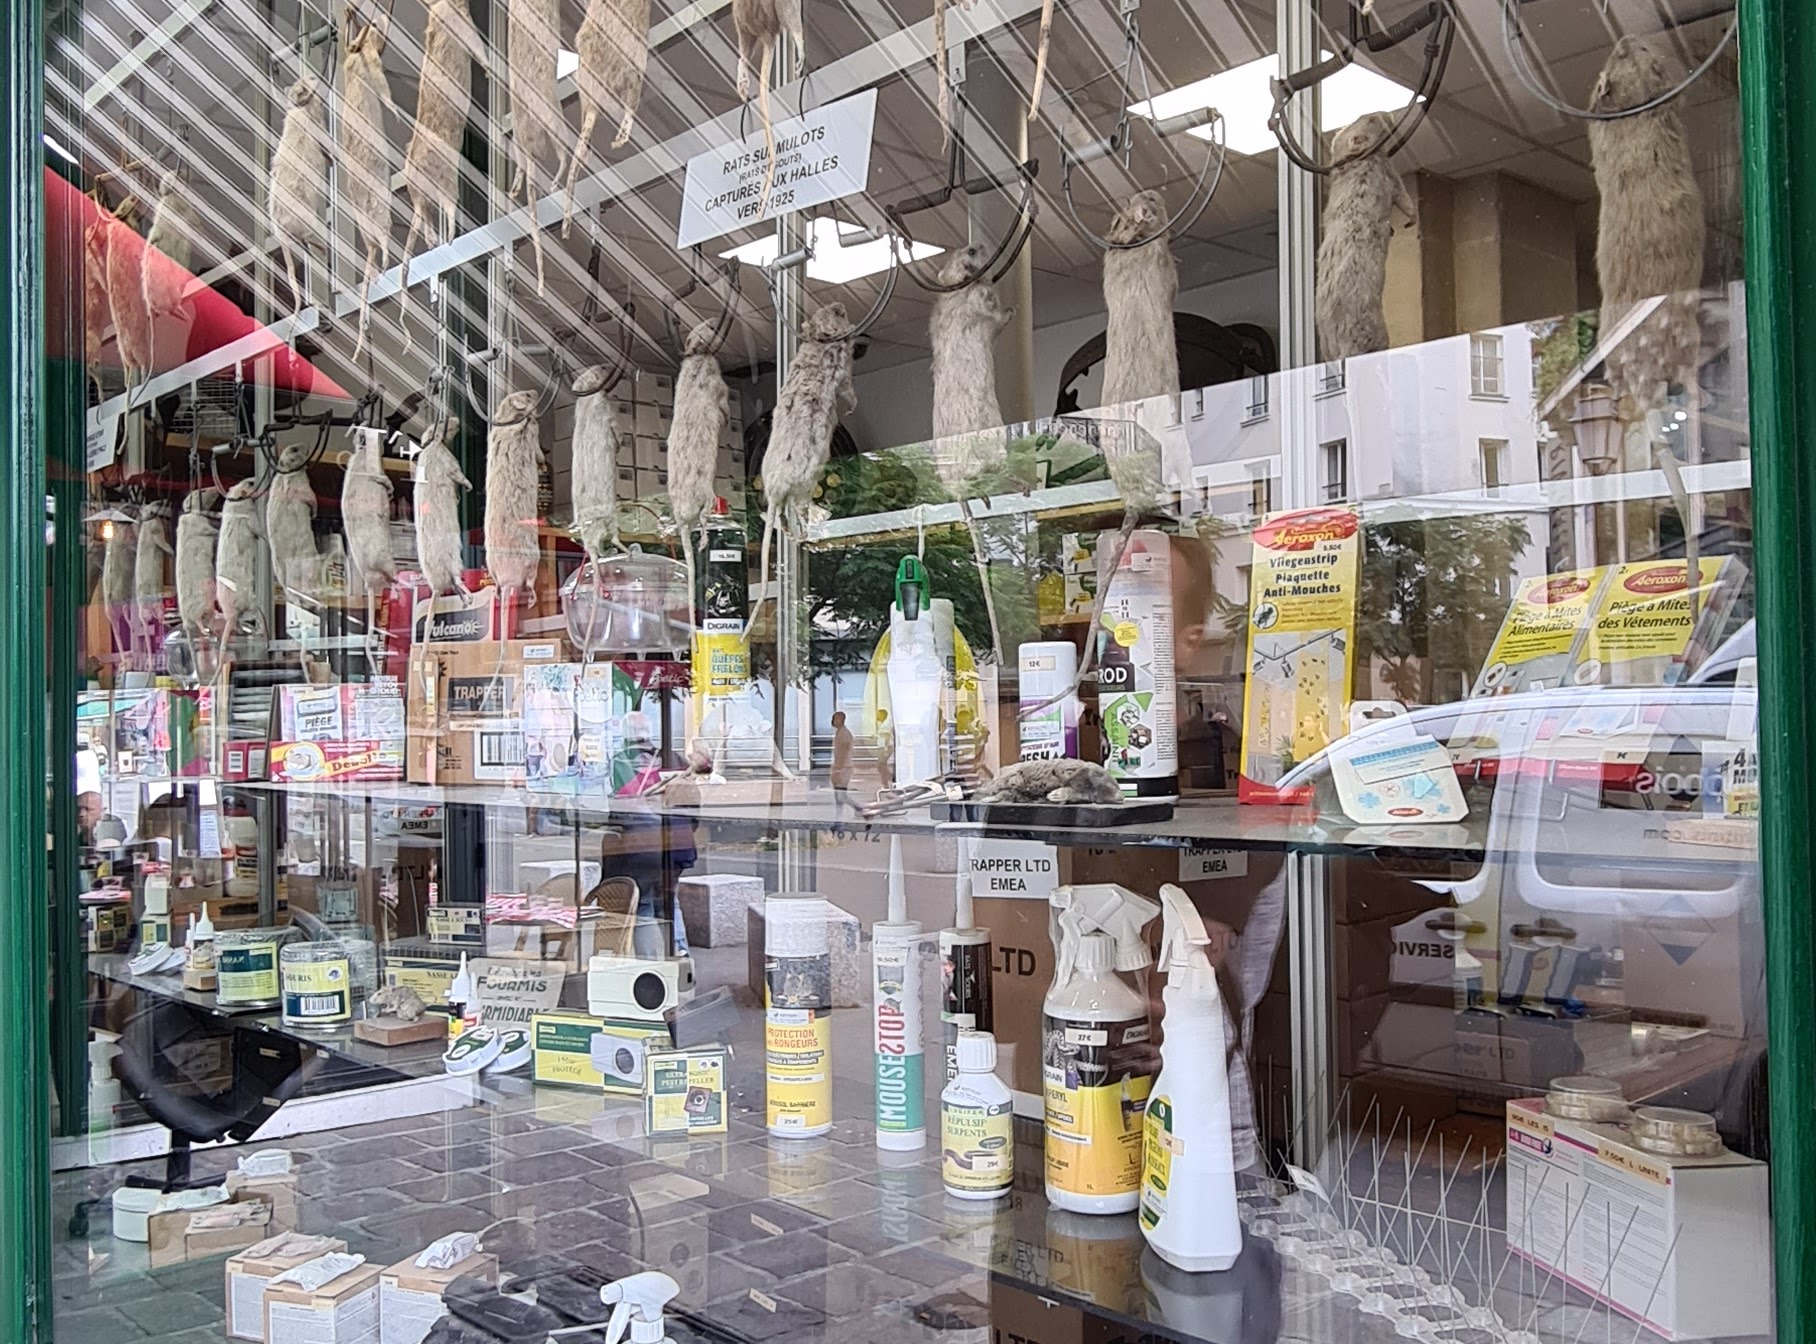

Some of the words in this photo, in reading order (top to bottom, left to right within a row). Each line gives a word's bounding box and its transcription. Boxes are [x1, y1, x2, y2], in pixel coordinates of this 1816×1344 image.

[722, 153, 751, 175] RATS
[790, 155, 839, 183] HALLES
[770, 190, 795, 209] 1925
[1272, 527, 1335, 545] Aeroxon
[1276, 570, 1330, 584] Plaquette
[1632, 570, 1688, 587] Aeroxon
[1263, 584, 1341, 598] Anti-Mouches
[1609, 601, 1643, 614] Piège
[1508, 620, 1574, 636] Alimentaires
[1598, 617, 1620, 629] des
[1623, 614, 1691, 629] Vêtements
[304, 715, 333, 728] PIÈGE
[1025, 860, 1050, 872] LTD
[1202, 860, 1228, 874] EMEA
[990, 878, 1027, 892] EMEA
[477, 976, 548, 993] FOURMIS
[768, 1027, 815, 1039] PROTECTION
[774, 1038, 819, 1049] RONGEURS
[947, 1126, 988, 1137] SERPENTS
[1528, 1119, 1539, 1130] LES

■ ■ ■ ■

§ **Exercise aim**
Write out each record exactly as shown, but not its pictures.

§ **Task answer**
Some of the words in this photo, in reading order (top to bottom, left to right within a row). Each line gives a word's bounding box and its transcription. Boxes are [x1, y1, x2, y2], in pixel coordinates of this 1816×1344 image.

[722, 153, 751, 175] RATS
[790, 155, 839, 183] HALLES
[770, 190, 795, 209] 1925
[1272, 527, 1335, 545] Aeroxon
[1276, 570, 1330, 584] Plaquette
[1632, 570, 1688, 587] Aeroxon
[1263, 584, 1341, 598] Anti-Mouches
[1609, 601, 1643, 614] Piège
[1508, 620, 1574, 636] Alimentaires
[1598, 617, 1620, 629] des
[1623, 614, 1691, 629] Vêtements
[304, 715, 333, 728] PIÈGE
[1025, 860, 1050, 872] LTD
[1202, 860, 1228, 874] EMEA
[990, 878, 1027, 892] EMEA
[477, 976, 548, 993] FOURMIS
[768, 1027, 815, 1039] PROTECTION
[774, 1038, 819, 1049] RONGEURS
[947, 1126, 988, 1137] SERPENTS
[1528, 1119, 1539, 1130] LES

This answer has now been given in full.